Posted: October 10, 2014 by Admin in Class Matters, Economics, Marxism, New Zealand economy, New Zealand politics, Revolutionary figures

We’ve asked several readers to contribute their thoughts on the way forward for the left after the 2014 elections.  The people we invited cover a range of viewpoints from class-struggle anarchist to independent Marxist and include at least one person involved in the Mana Movement.  Rather than invite well-known left individuals, who already have plenty of platform space elsewhere, we’ve invited people who have been battling away as much as they can in their own ways across a number of campaigns and groups.  This is the second contribution in the series.

by O’Shay Muir

The main reason that I was quickly drawn to Redline was the fact that, compared to the majority of socialist organisations in New Zealand, Redline was not quick to jump on the bandwagon of every local or international protest movement. Instead of the usual left-wing opinionated blog journalism, I found a group of people that actually understood the meaning of materialist analysis. To me this was a breath of fresh air. It had not been since my time as a recent college graduate who was first getting acquainted with Marxism by poking my nose into the meetings of the Workers Party in the Auckland Trades Hall, where I was exposed to The Spark, that I had come across actual Marxian analysis of the situation in New Zealand. Although I was far from the most dedicated cadre, my time spent with the Workers Party was always productive and most importantly educational.
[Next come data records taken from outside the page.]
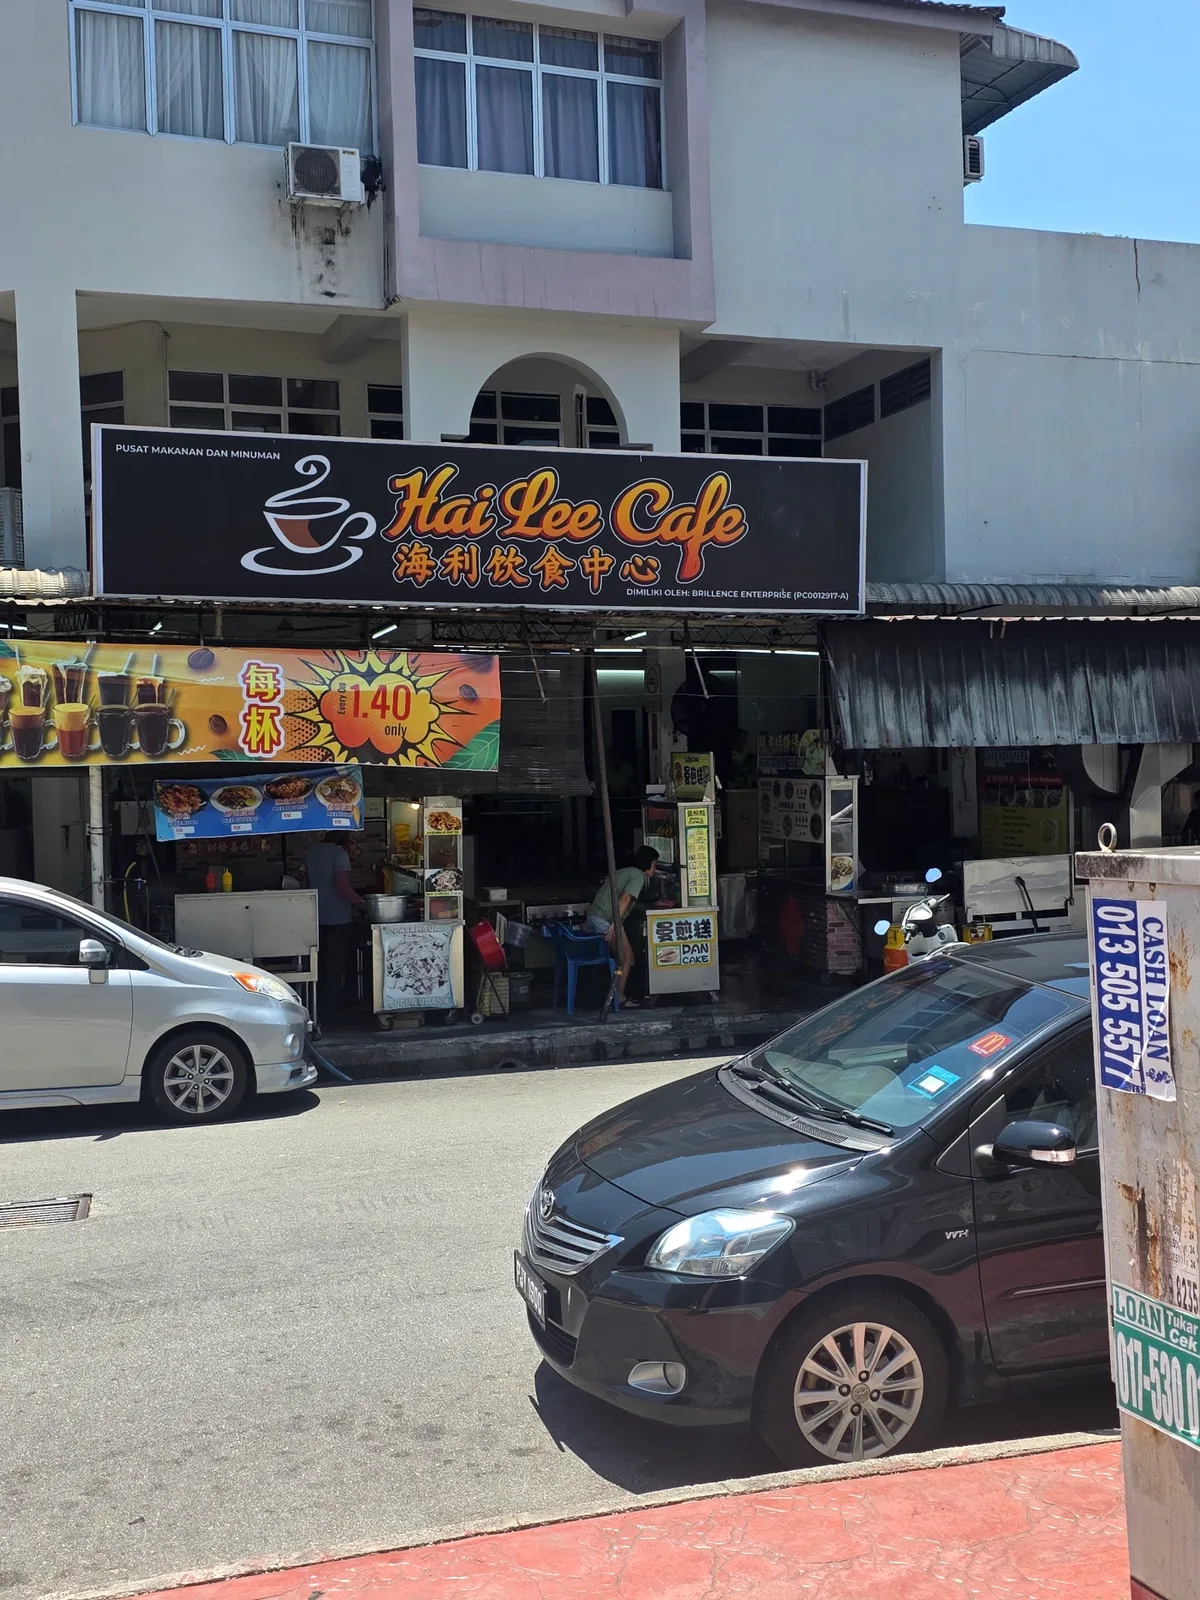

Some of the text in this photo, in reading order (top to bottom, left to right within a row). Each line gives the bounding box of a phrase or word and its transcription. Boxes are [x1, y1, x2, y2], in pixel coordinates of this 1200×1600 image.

[115, 443, 281, 460] PUSAT MAKANAN DAN MINUMAN
[382, 464, 748, 583] Hai Lee Cafe
[393, 541, 660, 594] 海利饮食中心
[626, 588, 849, 601] DIMILIKI OLEH: BRILLENCE ENTERPRISE (PC0012917-A)
[243, 661, 283, 754] 每杯
[337, 695, 347, 715] Every
[350, 684, 412, 721] 1.40
[384, 723, 408, 739] only
[1096, 905, 1137, 955] 013
[682, 955, 709, 965] CAKE
[1099, 961, 1139, 1014] 505
[1142, 916, 1170, 1063] CASH LOAN
[1115, 1289, 1164, 1338] LOAN
[1166, 1309, 1199, 1335] Tukar
[1169, 1327, 1198, 1352] Cek
[1117, 1331, 1184, 1434] 017-530
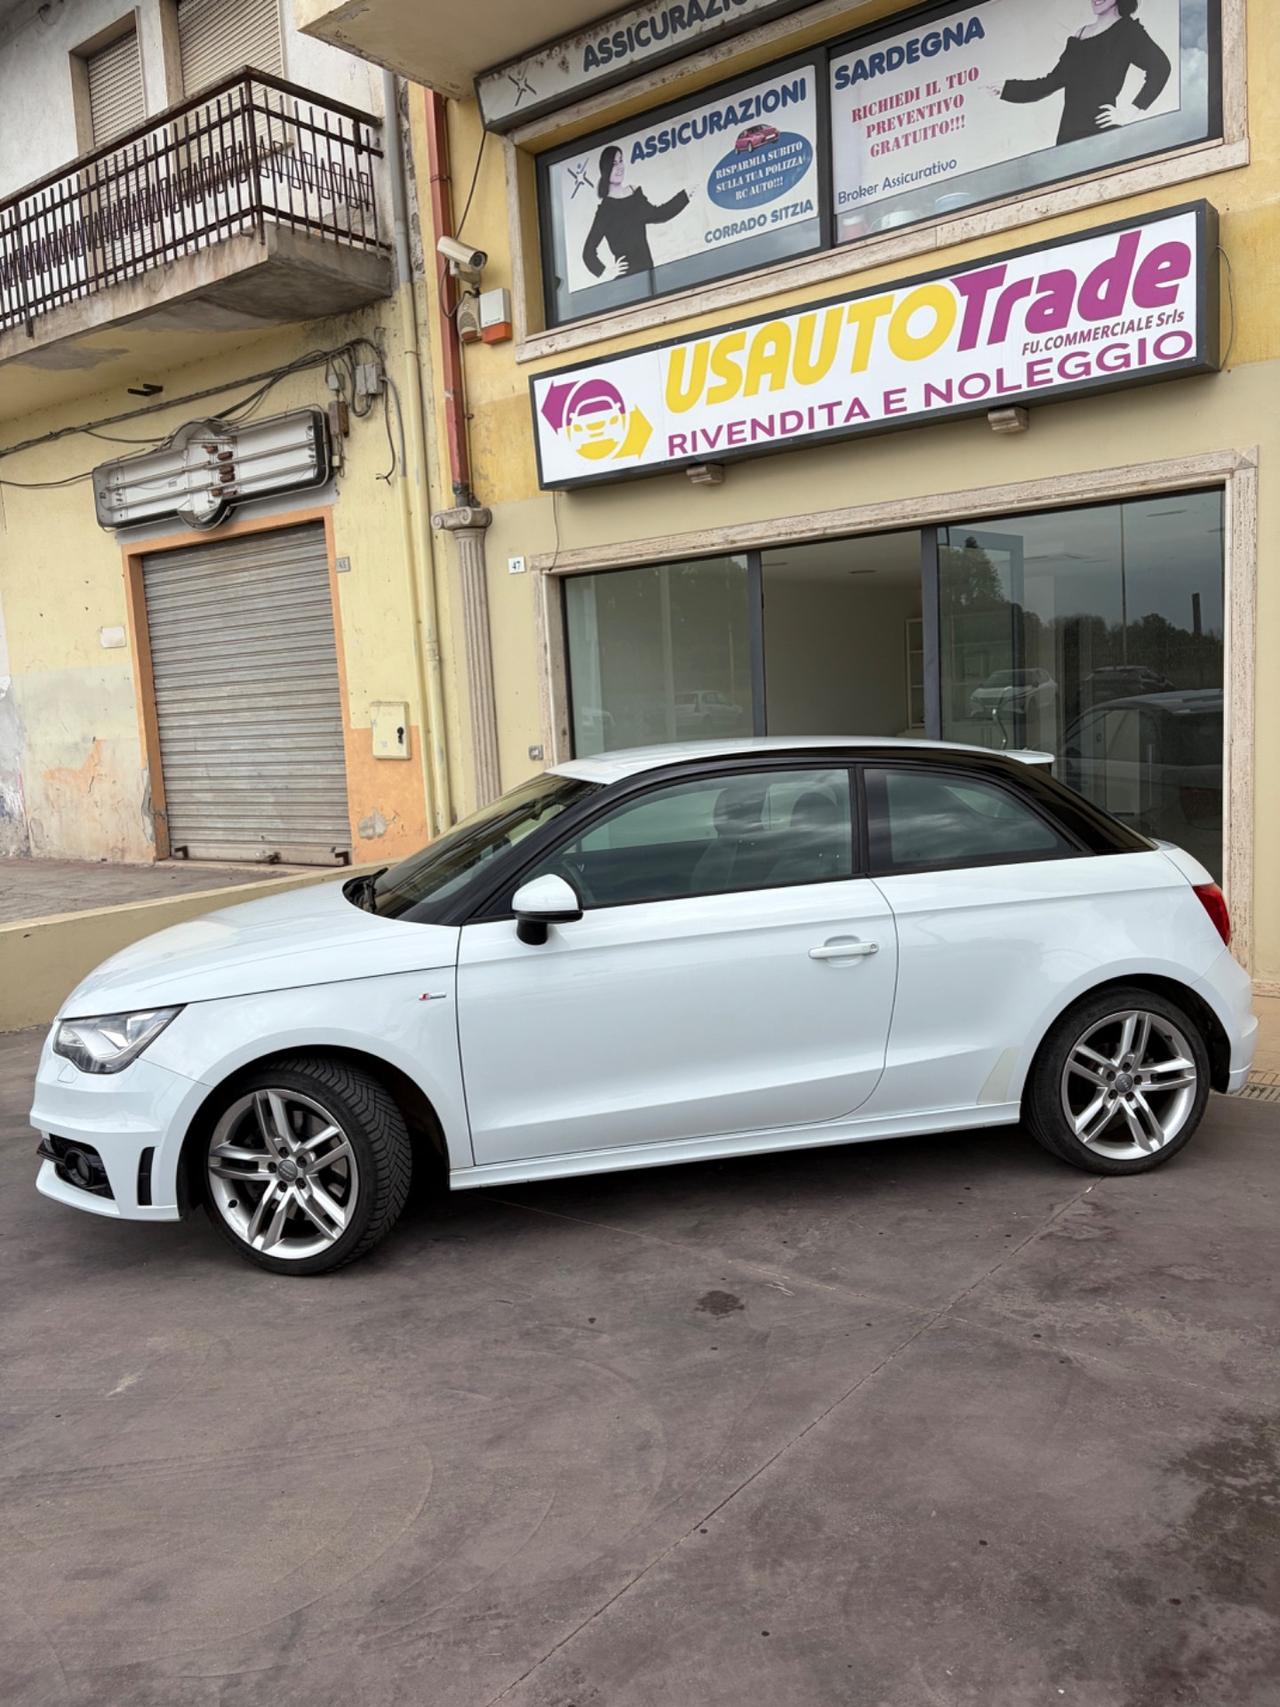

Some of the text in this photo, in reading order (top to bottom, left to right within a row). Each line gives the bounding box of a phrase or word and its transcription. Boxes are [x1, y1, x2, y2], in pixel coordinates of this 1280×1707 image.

[834, 16, 986, 91] SARDEGNA
[851, 66, 980, 123] RICHIEDI IL TUO
[865, 93, 965, 139] PREVENTIVO
[630, 77, 807, 165] ASSICURAZIONI
[869, 114, 967, 158] GRATUITO!!!
[715, 141, 803, 179] RISPARMIA SUBITO
[715, 175, 744, 193] SULLA
[745, 169, 764, 183] TUA
[838, 158, 958, 205] Broker Assicurativo
[735, 176, 784, 200] RC AUTO!!!
[704, 199, 814, 243] CORRADO SITZIA
[1155, 309, 1185, 328] Srls
[667, 330, 1194, 457] RIVENDITA E NOLEGGIO
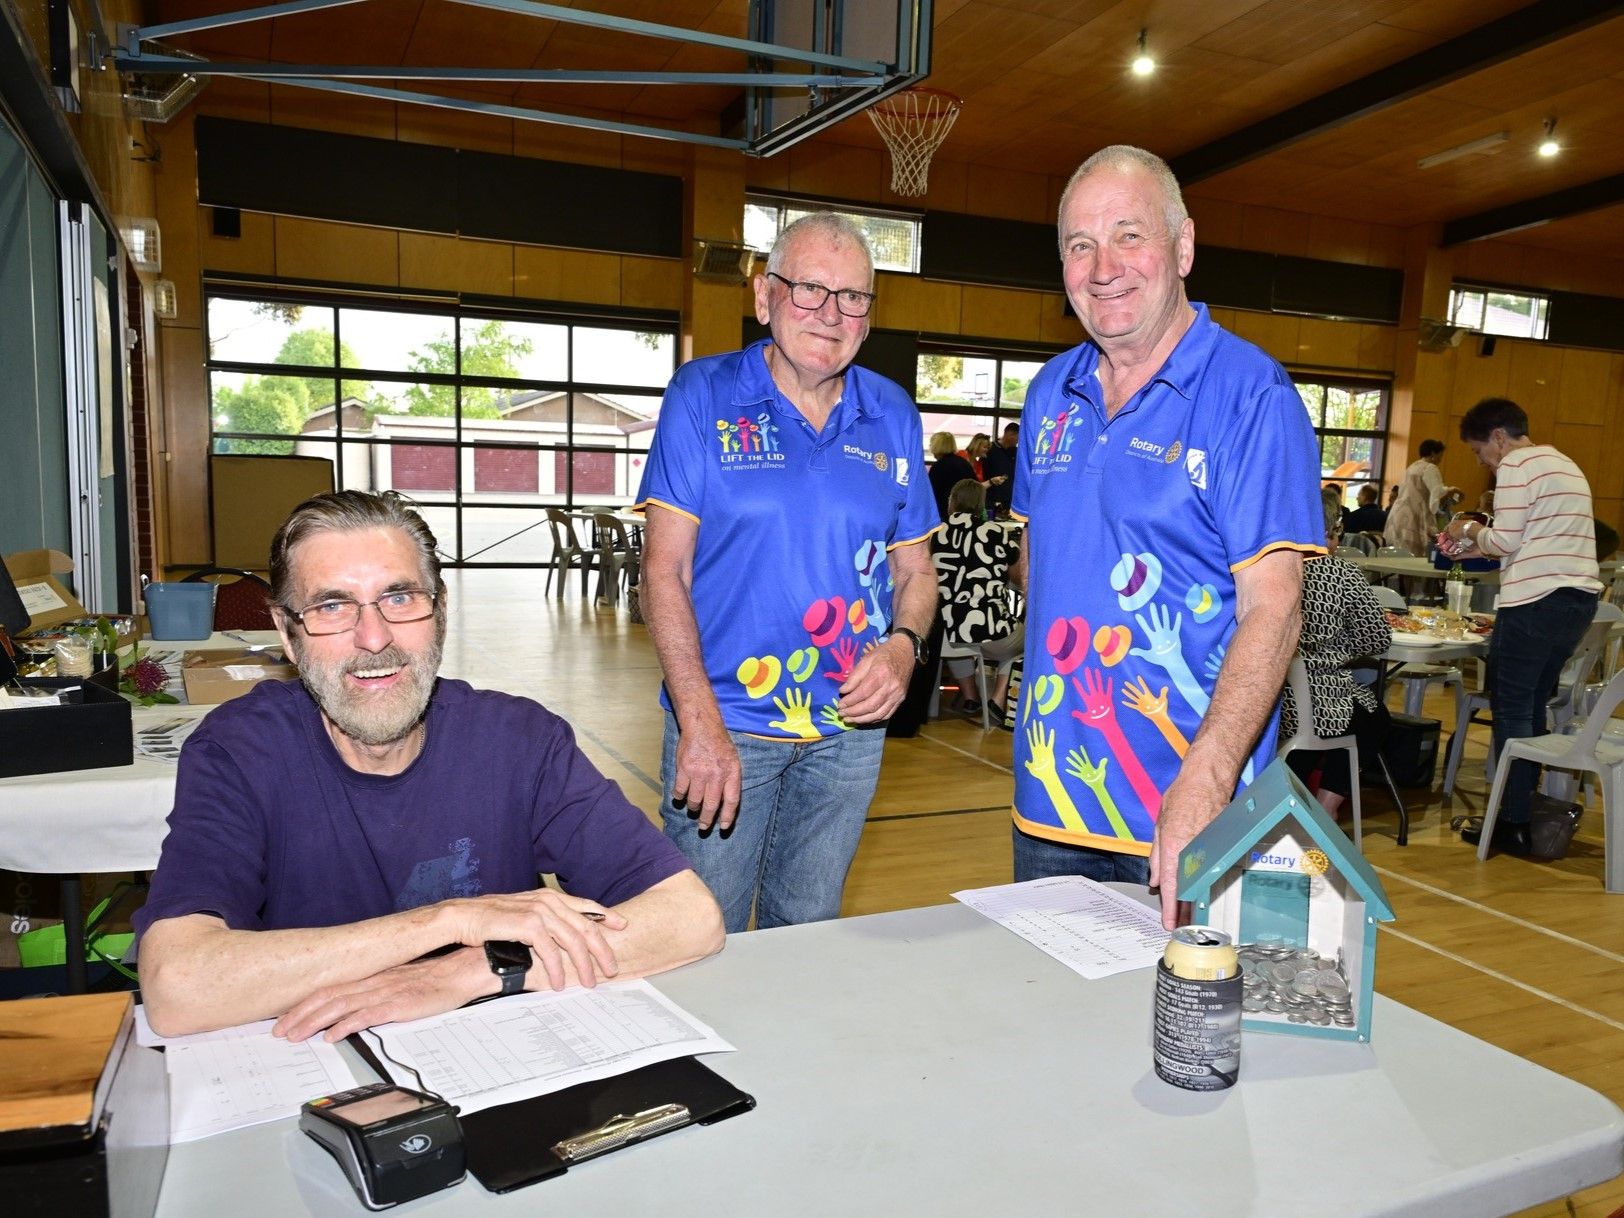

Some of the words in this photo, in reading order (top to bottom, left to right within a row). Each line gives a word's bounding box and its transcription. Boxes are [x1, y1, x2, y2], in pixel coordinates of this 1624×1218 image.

[843, 445, 873, 460] Rotary
[1130, 437, 1165, 456] Rotary
[720, 454, 744, 463] LIFT
[767, 453, 785, 461] LID
[1056, 454, 1072, 463] LID
[733, 462, 759, 471] mental
[1251, 852, 1296, 868] Rotary
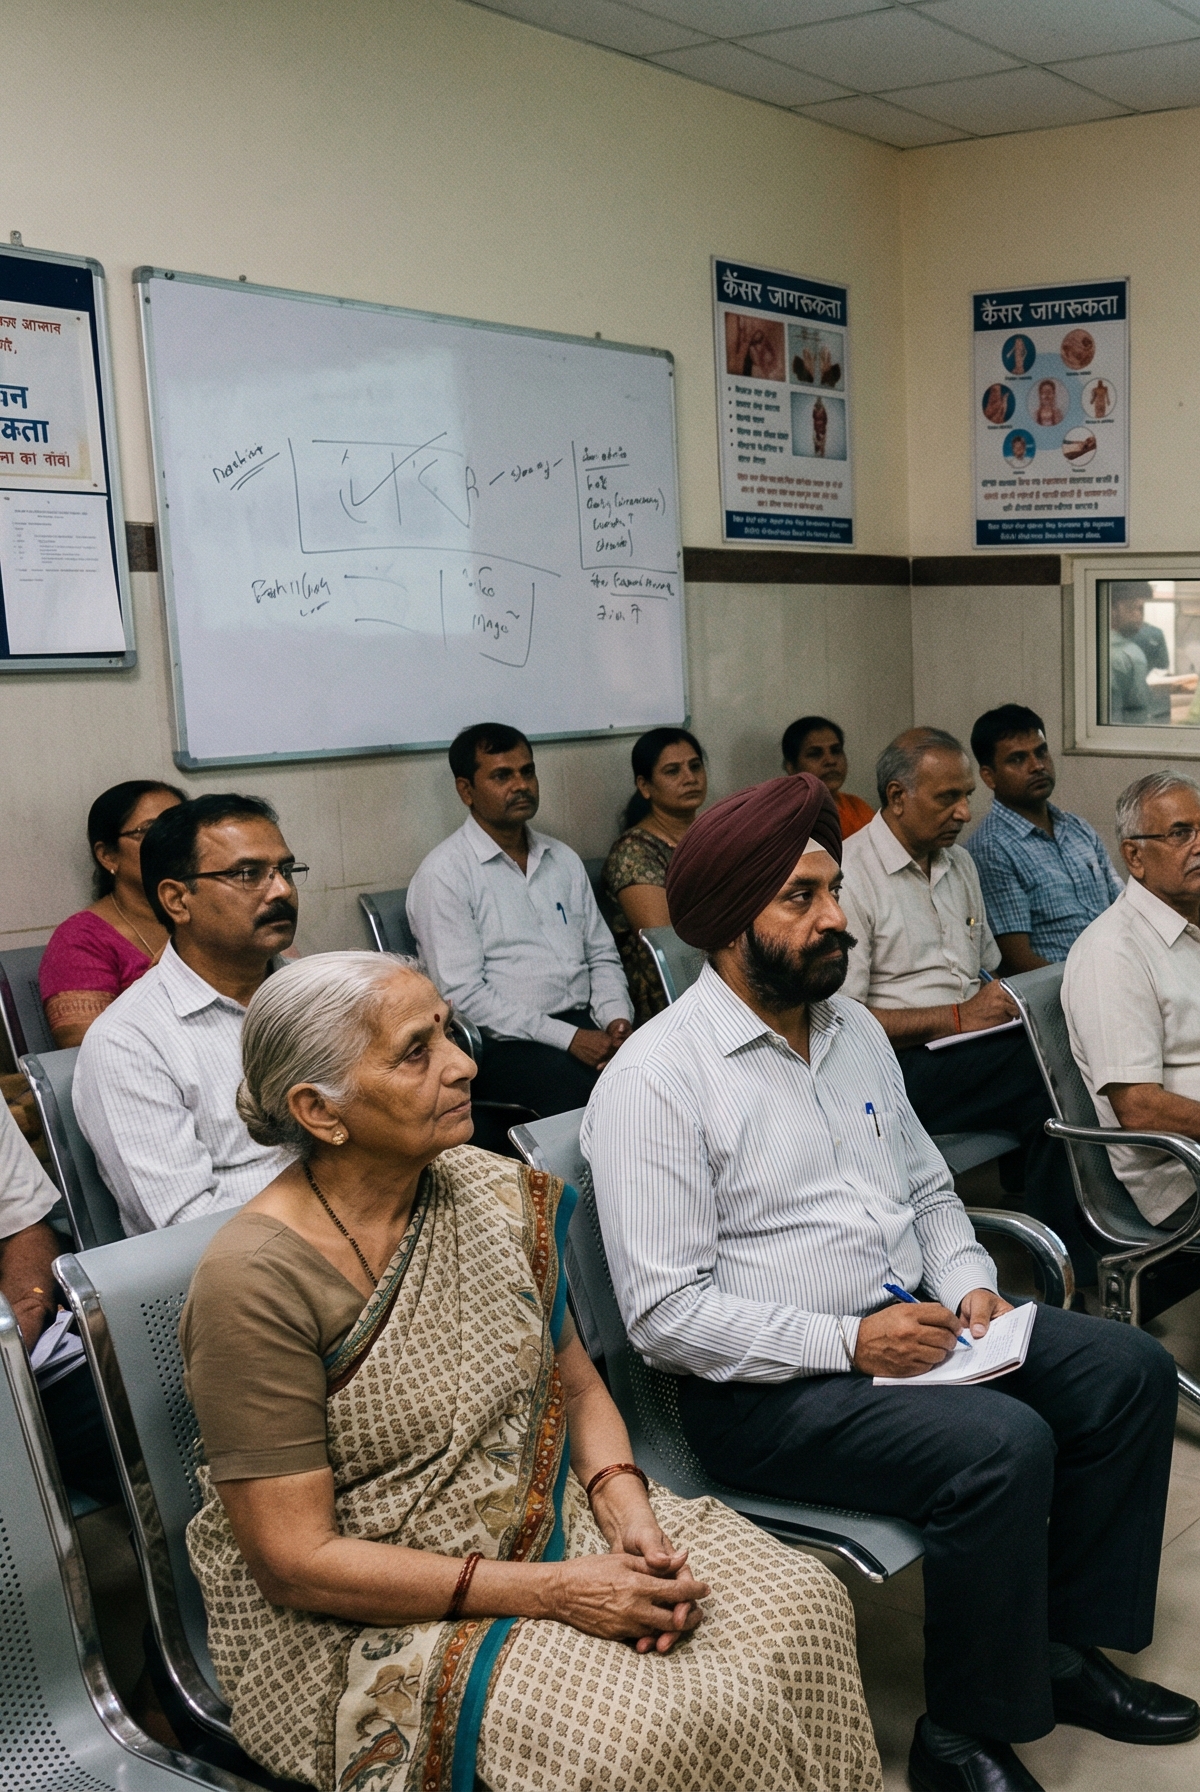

After having lost touch with the Workers Party and returning from a stint in OZ, I decided to once again get involved with socialist politics in New Zealand, but times had changed. The Workers Party that I had once known was a shell of its former self (soon to become Fightback). I was told that people like Phil, Don and Daphna had abandoned the class struggle in New Zealand and instead had chosen to become armchair Marxists. I bothered not to ask too much about the situation, as I thought to myself that it was simply a case of party politics that did not concern me, so instead I decided to just go along with the new Workers Party. However I was quick to find out that this was not the Workers Party I had once known. There was something missing. That something was a strong theoretical base.

Mana Movement and impact on radical left

I first began to notice this through the Workers Party’s/Fightback’s staunch support of the Mana movement. Truth be told, I too thought that supporting Mana was a good idea. This position of mine began to change. Wanting to get back into socialist politics I thought to myself that I better polish up on my Marxist theory and what better way of doing that than trying to tackle the first volume of Capital. The more I began to understand Capital the more sceptical I became of the welfarism of Mana and groups like Fightback and Socialist Aotearoa who had jumped on the social democratic bandwagon. Then I discovered Redline, home of the ‘armchair Marxists’ that I had been warned about. But rather than finding the ramblings of old disgruntled leftists, who should simply shut up and make way for fresh blood (this was a common opinion that I found amongst many of the young activists involved with Socialist Aotearoa), I found a group of people that had the discipline to put their own revolutionary fantasies to one side and instead engage with proper analysis of capital accumulation.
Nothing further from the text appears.